Spirits industry calls on Hong Kong finance chief Paul Chan to slash taxes on strong alcohol – but medical professionals slam ‘backwards’ step
- Asia Pacific International Wines and Spirits Alliance says tax reforms could bring economic benefits worth HK$1 billion to city
- Hong Kong has 100 per cent tax on liquor with an alcoholic strength of more than 30 per cent by volume
Hong Kong should ditch its outdated, high taxation system for strong alcohol, a regional trade body told the finance chief, claiming its proposals on tax reform could bring in more than HK$1 billion in economic benefits and turn the city into a spirits auction hub of Asia.

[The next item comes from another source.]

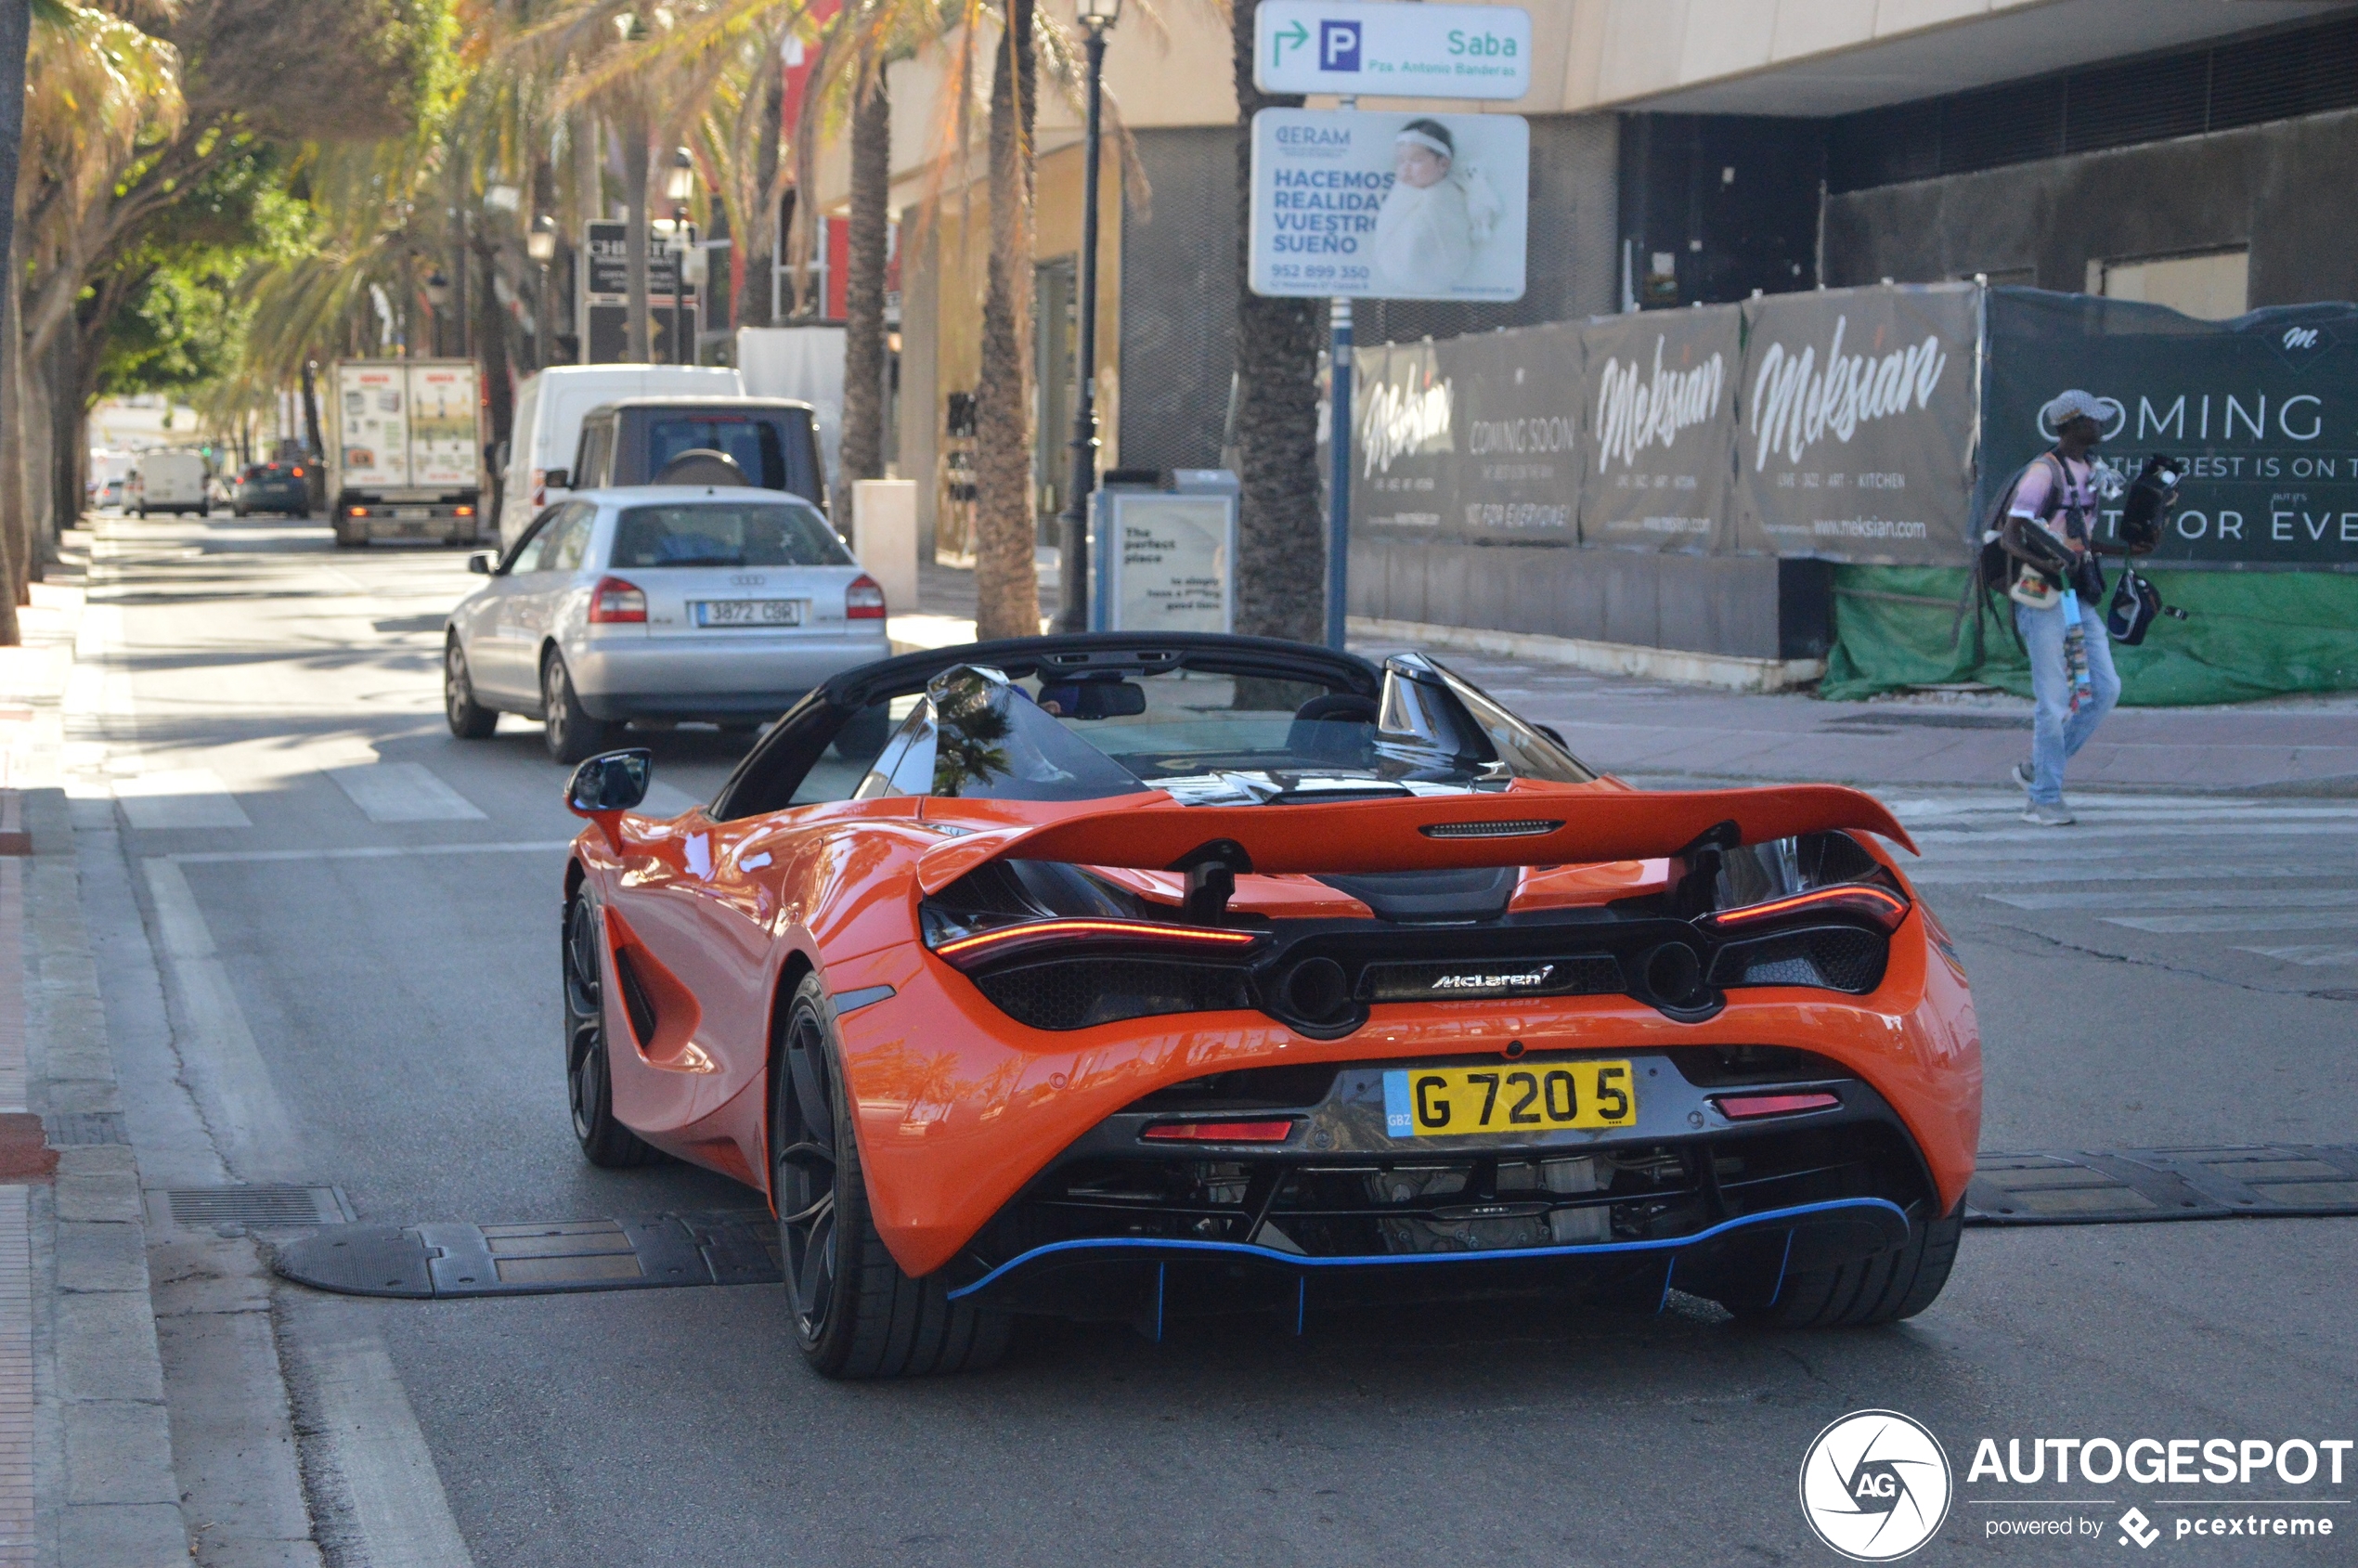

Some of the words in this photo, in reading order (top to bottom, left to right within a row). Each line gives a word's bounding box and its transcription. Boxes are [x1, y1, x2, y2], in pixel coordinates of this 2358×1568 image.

Hong Kong adopted zero duty on wine in 2008, but kept its 100 per cent tax on liquor with an alcoholic strength of more than 30 per cent by volume – one of the heftiest rates in the region when compared with 30 to 50 per cent in mainland China, Taiwan and Japan.
The alliance called on the government to scrap the current tax system, which is based on the import value of a product, and to set the rate at around HK$75 per litre of pure alcohol.
For example, a 750ml bottle of liquor with 50 per cent alcohol content, no matter the value, would be taxed at HK$28 under the proposed system.
According to customs statistics, Hong Kong imported 20 million litres of whisky and other spirits in 2017, amounting to a total value of HK$4.4 billion.